[DIRECTIONS] Set down the data below in full, exactly as it reads, but without the pictures.

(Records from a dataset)
- - - - -

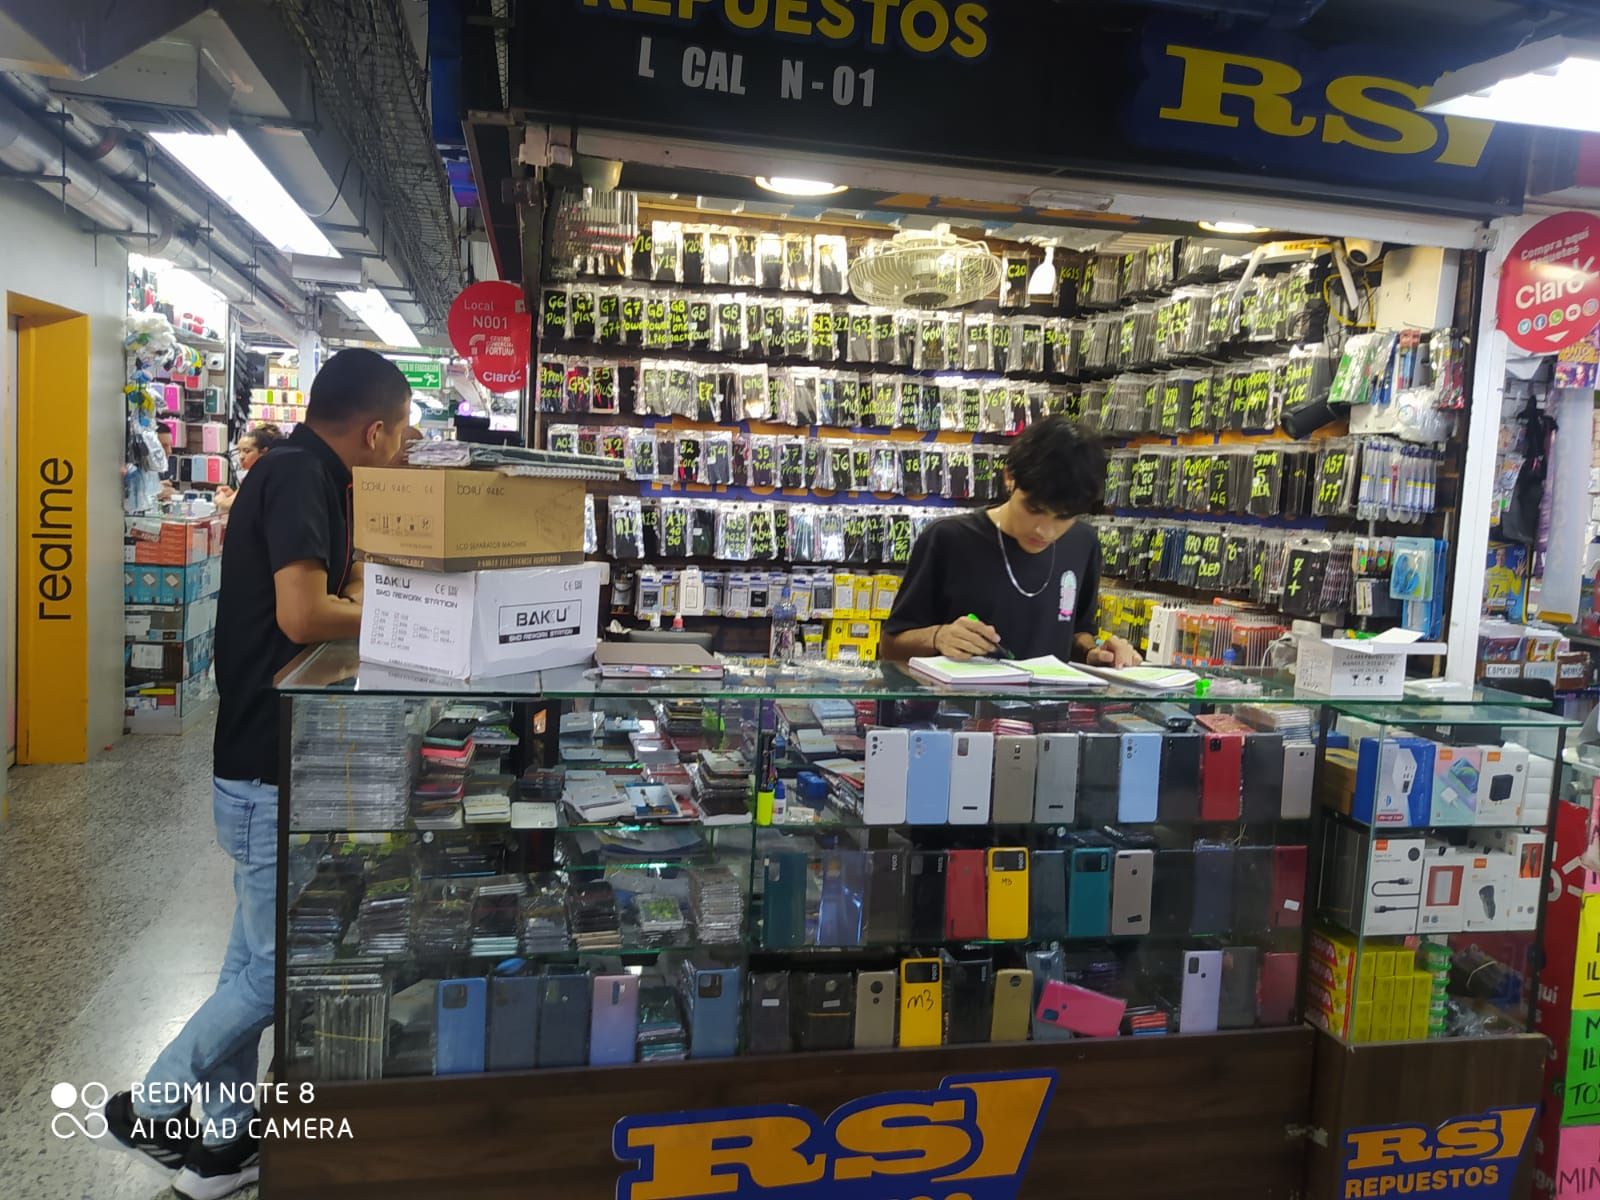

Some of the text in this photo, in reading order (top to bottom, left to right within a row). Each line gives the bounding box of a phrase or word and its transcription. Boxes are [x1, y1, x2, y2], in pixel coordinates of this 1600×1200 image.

[582, 0, 988, 58] UESTOS
[1521, 240, 1562, 261] Compra
[1007, 263, 1026, 279] C20
[1516, 270, 1588, 309] Claro
[464, 300, 494, 311] Local
[548, 296, 565, 309] G6
[576, 296, 593, 311] G7
[600, 299, 617, 314] G7
[623, 301, 641, 317] G7
[647, 303, 664, 318] G8
[670, 300, 686, 312] G8
[546, 312, 567, 326] Play
[690, 304, 707, 321] G8
[722, 304, 738, 320] G8
[750, 304, 758, 321] 9
[765, 307, 782, 326] G9
[473, 315, 508, 329] N001
[766, 331, 785, 347] Plus
[486, 346, 515, 356] FORTUNA
[482, 370, 519, 383] Claro
[843, 383, 855, 399] A6
[877, 387, 892, 402] A7
[832, 452, 849, 471] J6
[1323, 454, 1345, 474] A57
[1214, 473, 1225, 489] 7
[1210, 491, 1226, 506] 4G
[1318, 480, 1339, 503] A77
[32, 458, 74, 621] realme
[375, 574, 411, 589] BAKU
[424, 597, 458, 609] STATION
[516, 607, 567, 627] BAKU
[1569, 1082, 1600, 1107] TO
[1344, 1165, 1499, 1200] REPUESTOS

- - - - -

[ANSWER BOX]
Some of the text in this photo, in reading order (top to bottom, left to right within a row). Each line gives the bounding box of a phrase or word and its transcription. Boxes are [x1, y1, x2, y2], in pixel coordinates of this 1600×1200 image.

[582, 0, 988, 58] UESTOS
[1521, 240, 1562, 261] Compra
[1007, 263, 1026, 279] C20
[1516, 270, 1588, 309] Claro
[464, 300, 494, 311] Local
[548, 296, 565, 309] G6
[576, 296, 593, 311] G7
[600, 299, 617, 314] G7
[623, 301, 641, 317] G7
[647, 303, 664, 318] G8
[670, 300, 686, 312] G8
[546, 312, 567, 326] Play
[690, 304, 707, 321] G8
[722, 304, 738, 320] G8
[750, 304, 758, 321] 9
[765, 307, 782, 326] G9
[473, 315, 508, 329] N001
[766, 331, 785, 347] Plus
[486, 346, 515, 356] FORTUNA
[482, 370, 519, 383] Claro
[843, 383, 855, 399] A6
[877, 387, 892, 402] A7
[832, 452, 849, 471] J6
[1323, 454, 1345, 474] A57
[1214, 473, 1225, 489] 7
[1210, 491, 1226, 506] 4G
[1318, 480, 1339, 503] A77
[32, 458, 74, 621] realme
[375, 574, 411, 589] BAKU
[424, 597, 458, 609] STATION
[516, 607, 567, 627] BAKU
[1569, 1082, 1600, 1107] TO
[1344, 1165, 1499, 1200] REPUESTOS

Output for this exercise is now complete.